Lab Members
Our Staff

Section Chief
Our Fellows

Chia Li
Staff Scientist
Chia’s passion for neuroscience began with her undergraduate research experience in the behavioral neuropharmacology lab with Dr. Rick Bevins at the University of Nebraska-Lincoln, where she received her Bachelor of Science in Biochemistry, Biology, and Psychology. During this time, her work focused on learning theories behind motivational behaviors in drugs of abuse such as Nicotine and Cocaine. Chia continued to explore her interest in neuropharmacology and obtained her doctorate from the Neurobiology Curriculum at the University of North Carolina at Chapel Hill. Under the guidance of Dr. Thomas Kash, she probed neural networks and nuclei surrounding the extended amygdala in the midbrain using ex vivo electrophysiology, optogenetics, chemogenetics and behavioral assays. Her work focused on the effects of stress, alcohol and opioids on neural signaling and their mechanisms. Before becoming a staff Scientist at Department of Endocrinology, Obesity Branch at NIDDK, Dr. Li’s postdoctoral work under the guidance of Dr. Michael Krashes investigated hypothalamic networks and their functional roles involving feeding, showing one of the first evidences of cell-type specific connectivity between the Arcuate Nucleus and the Paraventricular Nucleus of the Hypothalamus. As a staff scientist, Dr. Li continues to explore hypothalamic networks and their involvement in motivational and orthogonal behaviors associated with feeding, incorporating neural imaging techniques such as photometry. Outside of research, Chia enjoys hiking with her dog and family, eating and cooking, making soap and upcycling materials for craft, and any excuse to use power tools.

Amy Sutton
Post-Doc
Amy’s overarching research interest is to understand the neural circuits coordinating the motivational drive for feeding behavior in diverse environmental contexts, and to dissect how such environments can lead to dysregulated eating conditions, such as eating disorders, and diseases such as obesity.
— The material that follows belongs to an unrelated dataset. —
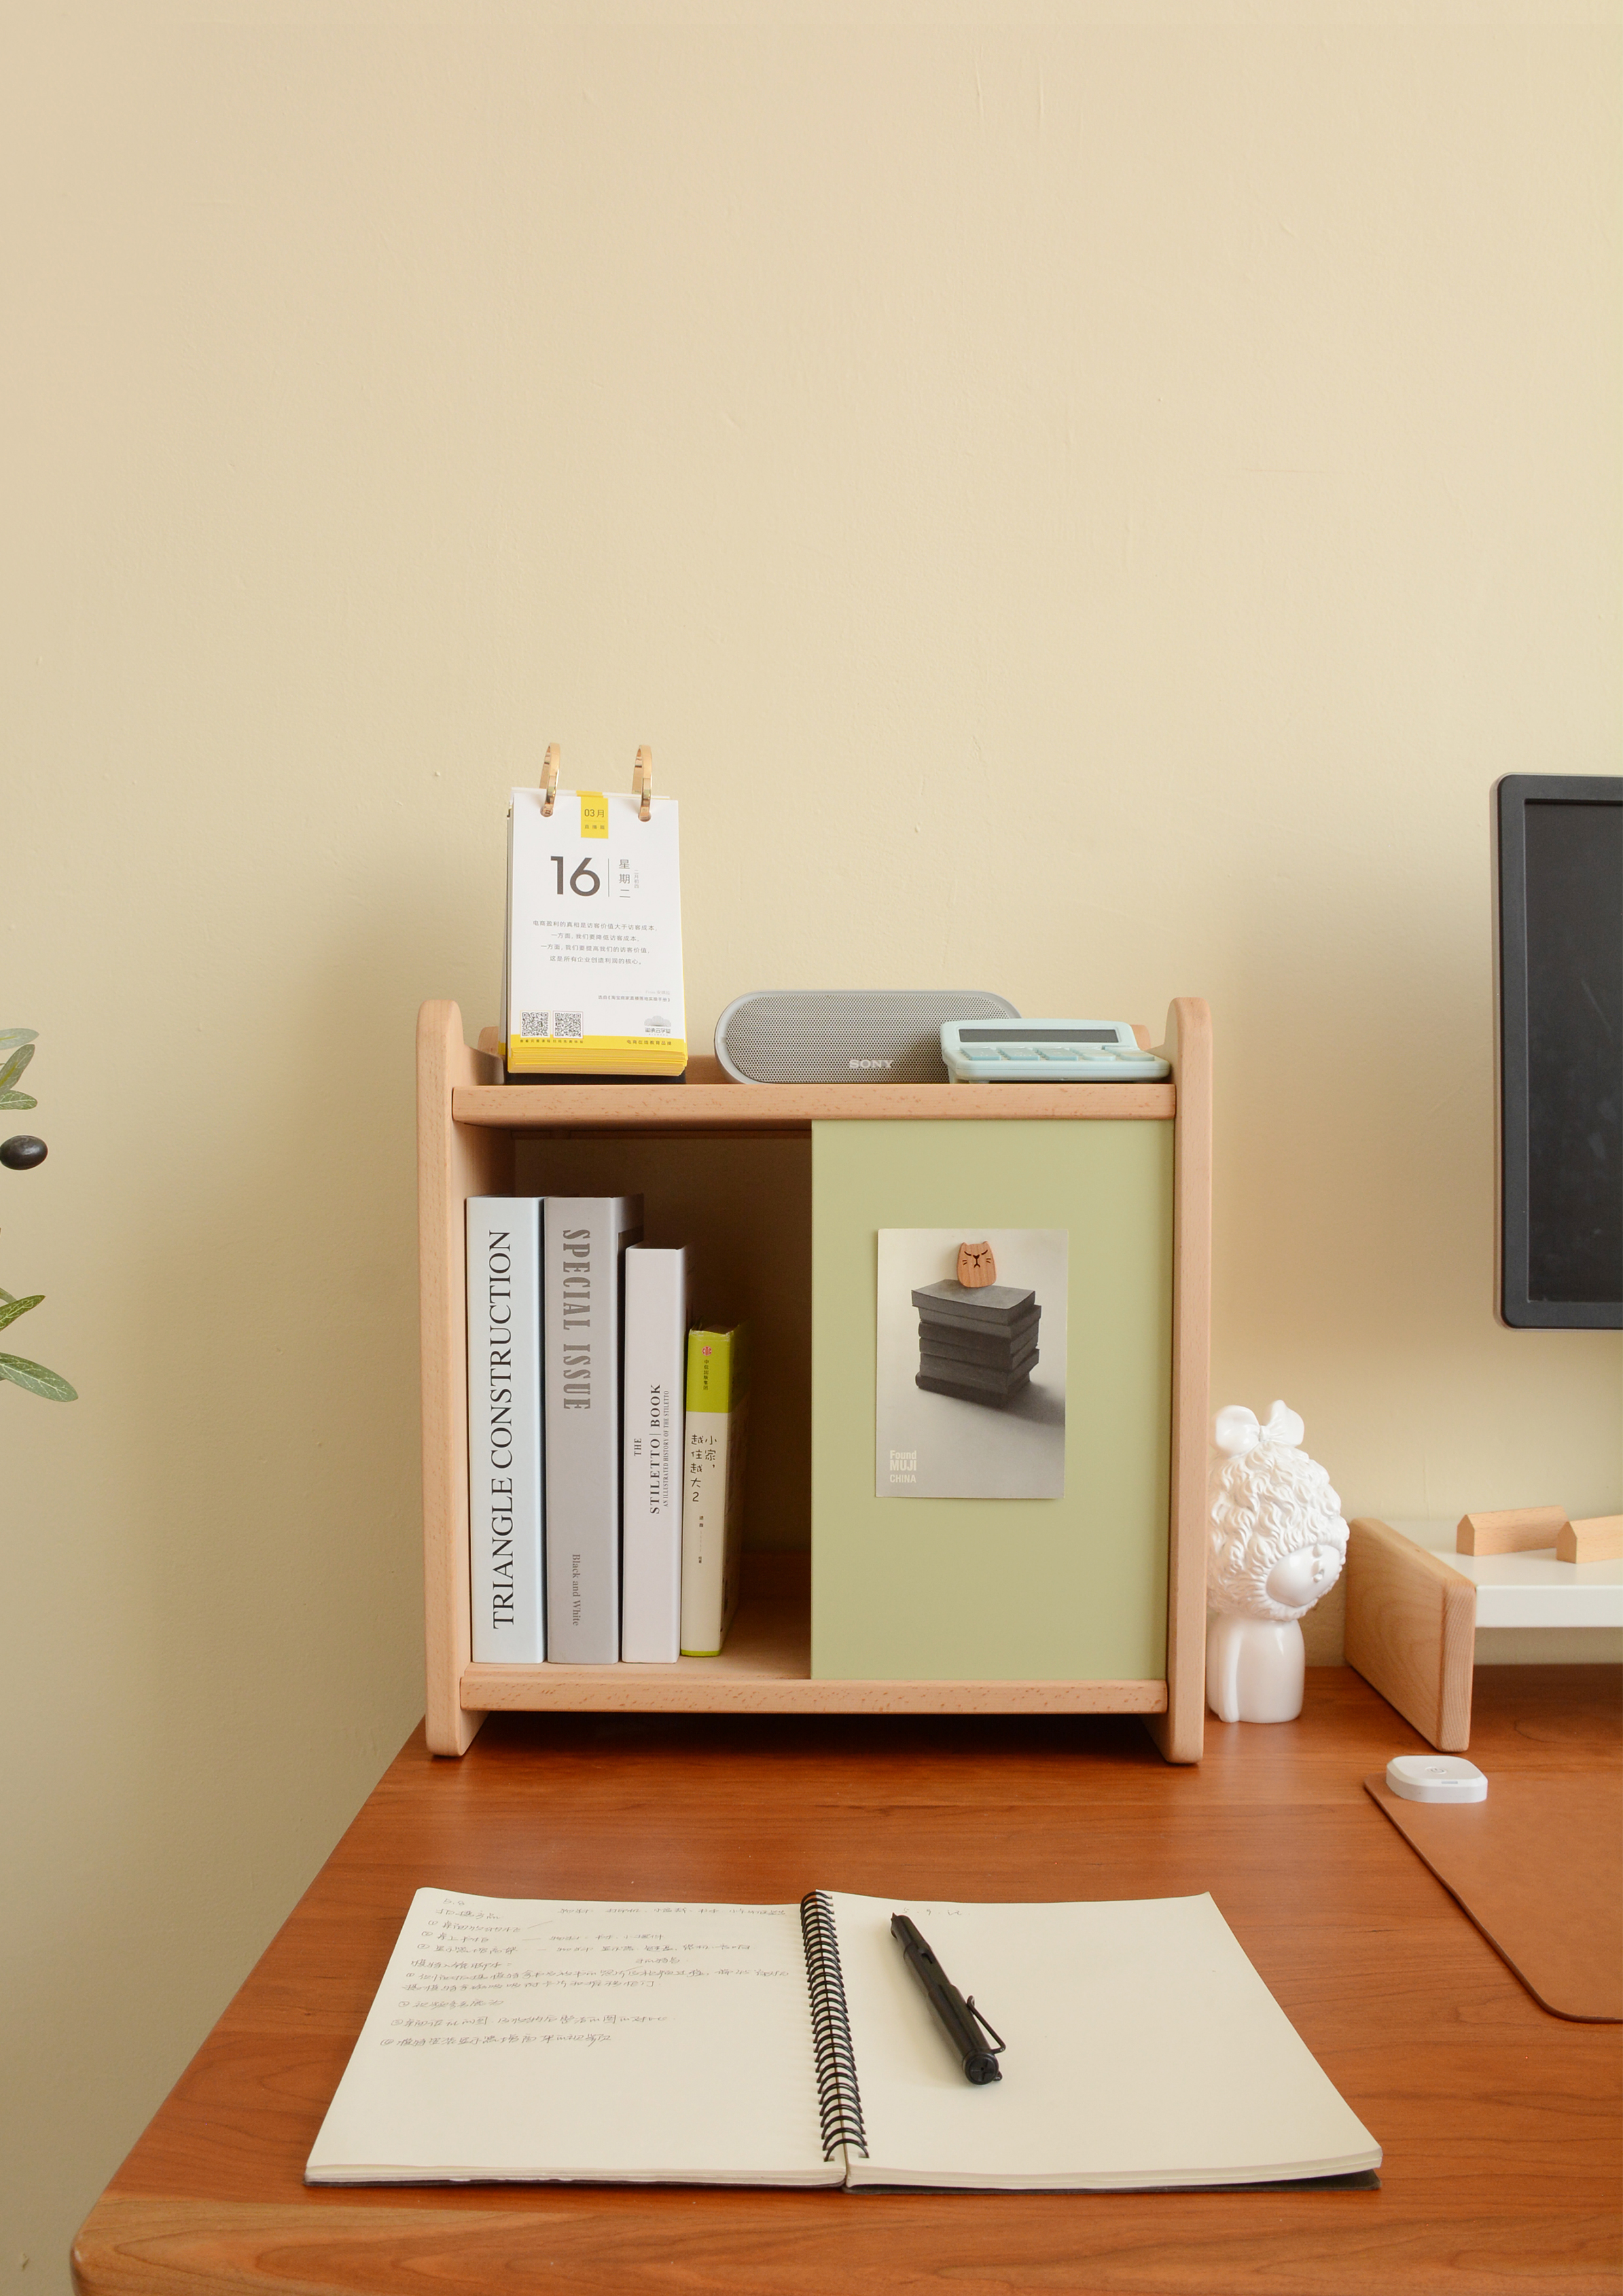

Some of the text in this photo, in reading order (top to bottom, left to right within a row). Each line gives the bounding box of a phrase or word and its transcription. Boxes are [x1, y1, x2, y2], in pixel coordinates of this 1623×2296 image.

She obtained her BS at Indiana University in Biology, followed by a PhD in Molecular & Integrative Physiology from the University of Michigan. Aside from science, some of her passions include basketball, gardening, queer outreach in STEM, racial justice, and travel.

Chris Mazzone
Joint Post-Doc (with Guohong Cui, NIEHS)
Chris is a Postdoctoral Fellow on a joint fellowship with Dr. Guohong Cui at the National Institute of Environmental Health Sciences (NIEHS). He received his Ph.D. from the University of North Carolina at Chapel Hill in 2017. His research aims to determine how consumption of calorically dense foods, such as those high in fats, alters how hypothalamic and mesolimbic neurons regulate appetite and reward. Outside of lab, he spends his free time trying new foods around North Carolina’s Research Triangle and hanging out with his scruff ball of a dog Tucker.

Isabel De Araujo Salgado
Post-Doc
Isabel De Araujo Salgado is a 2019 CCB fellow and a postdoctoral fellow in Dr. Michael Krashes’ laboratory at the NIDDK. She aims to investigate food-related decision-making, which can be driven by external (e.g. advertisement, threat) and internal (e.g. hunger) cues. Specifically, her work investigates the interaction between two key drives fundamental to an individual’s survival: foraging and threat avoidance. Isabel earned her MSc in Medical Biology from the University of Lausanne (Switzerland) in the lab of Dr. Ron Stoop. She received her Ph.D. in Neuroscience from the University of Fribourg (Switzerland) where she studied neuronal circuits matching body metabolic signals and behaviors under the mentorship of Dr. Christophe Lamy.

Jordan Becker
Graduate Student
Jordan Becker is a graduate student in the NIH-GPP program. He is interested in the choroid plexus’s role in feeding, and he is interested in applications of computational vision models for automating animal behavior analysis. In his free time, Jordan is a nationally competitive Olympic weightlifter.

Ivan Alcantara
Graduate Student
Ivan received his bachelor’s in neuroscience from Brown University and his masters in cell biology from the Max Planck Institute of Brain Research. Currently, he is pursuing his PhD through the Brown-NIH Graduate Partnership Program in Neuroscience. His scientific interests include the interplay between feeding behavior and social interactions in mice, and the genetics and neural circuits underlying those behaviors. He is also committed to making science, education, and digital information more accessible to underprivileged communities.